Rhany Chairunissa Rufinaldo
23 Januari 2019•Update: 23 Januari 2019
Elena Teslova
MOSKOW
Rusia dan Jepang akan melanjutkan pembicaraan tentang penandatanganan perjanjian damai, kata pemimpin kedua negara pada Selasa setelah pertemuan di Moskow.
"Putaran kedua perundingan perdamaian akan berlangsung di sela-sela Konferensi Keamanan Munich pada Februari," kata Perdana Menteri Jepang Shinzo Abe.
Dia memuji dialog putaran pertama yang berlangsung pada 14 Januari di Moskow, mengatakan bahwa diskusi dalam negosiasi ini dilakukan dengan tulus dan serius.
Presiden Rusia Vladimir Putin menawarkan pengembangan koneksi ekonomi untuk memperkuat rasa saling percaya yang diperlukan untuk menandatangani perjanjian.
Dia menawarkan untuk menggandakan omset perdagangan Rusia-Jepang saat ini hingga USD30 miliar di tahun-tahun mendatang.

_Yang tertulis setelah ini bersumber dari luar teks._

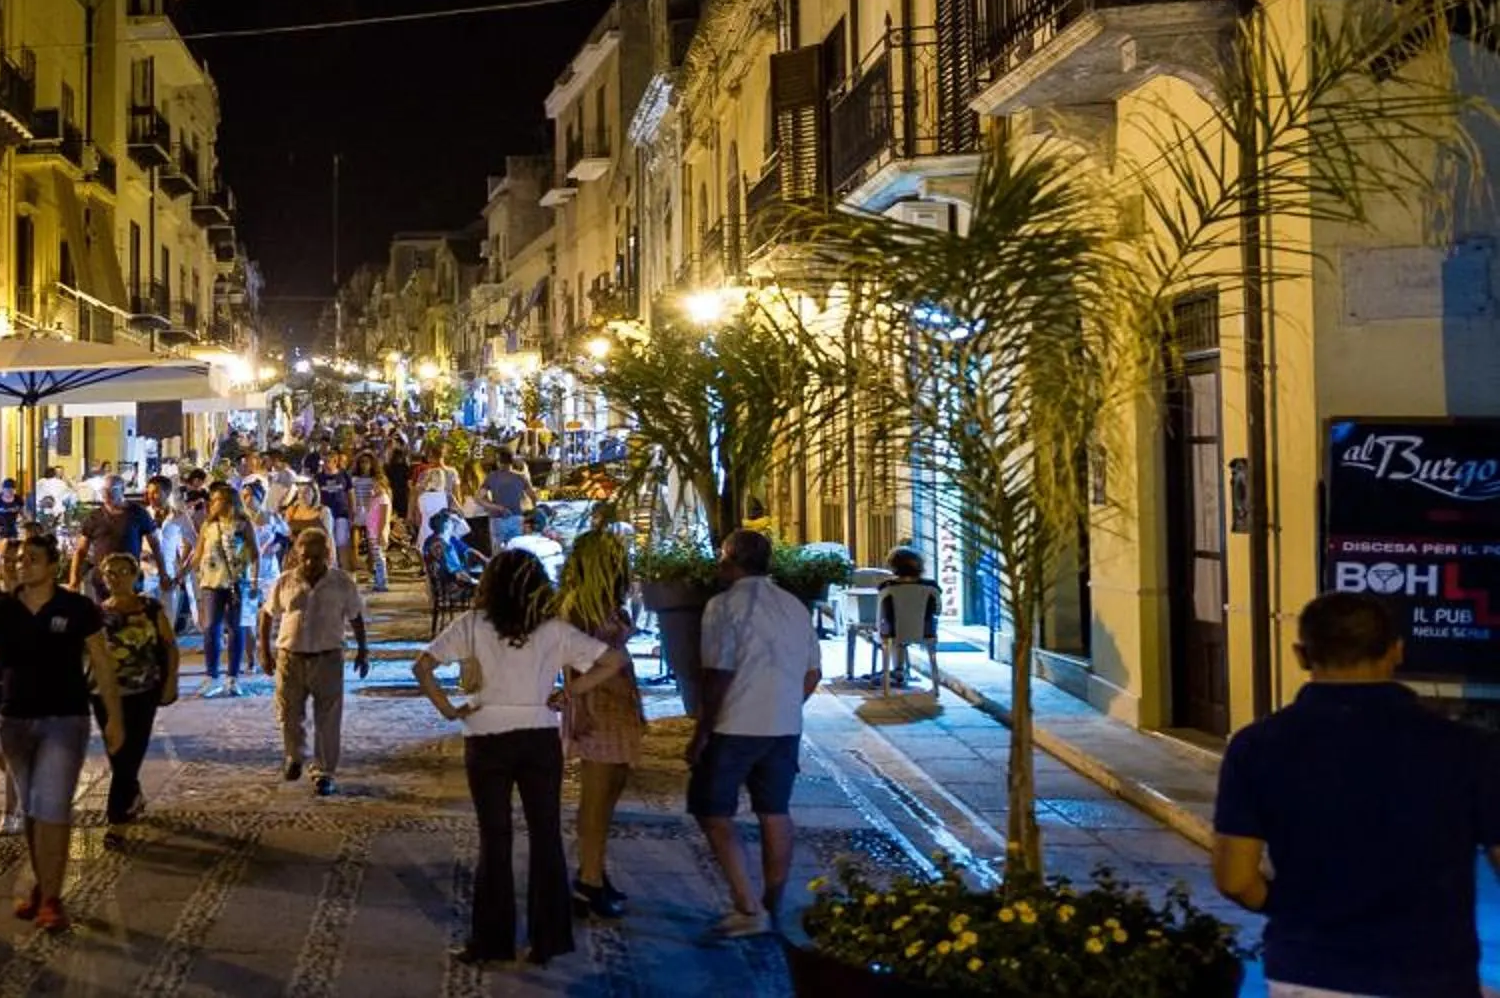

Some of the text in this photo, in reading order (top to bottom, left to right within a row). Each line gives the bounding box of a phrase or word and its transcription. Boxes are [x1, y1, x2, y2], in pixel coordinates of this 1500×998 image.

Abe mengatakan pertukaran wisata antara kedua negara meningkat secara intensif, kunjungan timbal balik tahun lalu berjumlah sekitar 100.000 wisatawan di setiap negara dan menargetkan untuk mencapai total 400.000 wisatawan pada 2023.
Penandatanganan perjanjian perdamaian antara Rusia dan Jepang terhambat oleh sengketa teritorial atas Kepulauan Kuril, yang belum terselesaikan sejak Perang Dunia Kedua.
Tokyo mengklaim beberapa pulau sebagai miliknya, sementara Moskow menegaskan bahwa pulau-pulau itu menjadi wilayahnya pada 1945.
Pihak berwenang Rusia prihatin atas kemungkinan penyebaran sistem rudal AS di pulau-pulau tersebut jika mereka kembali ke tangan Jepang.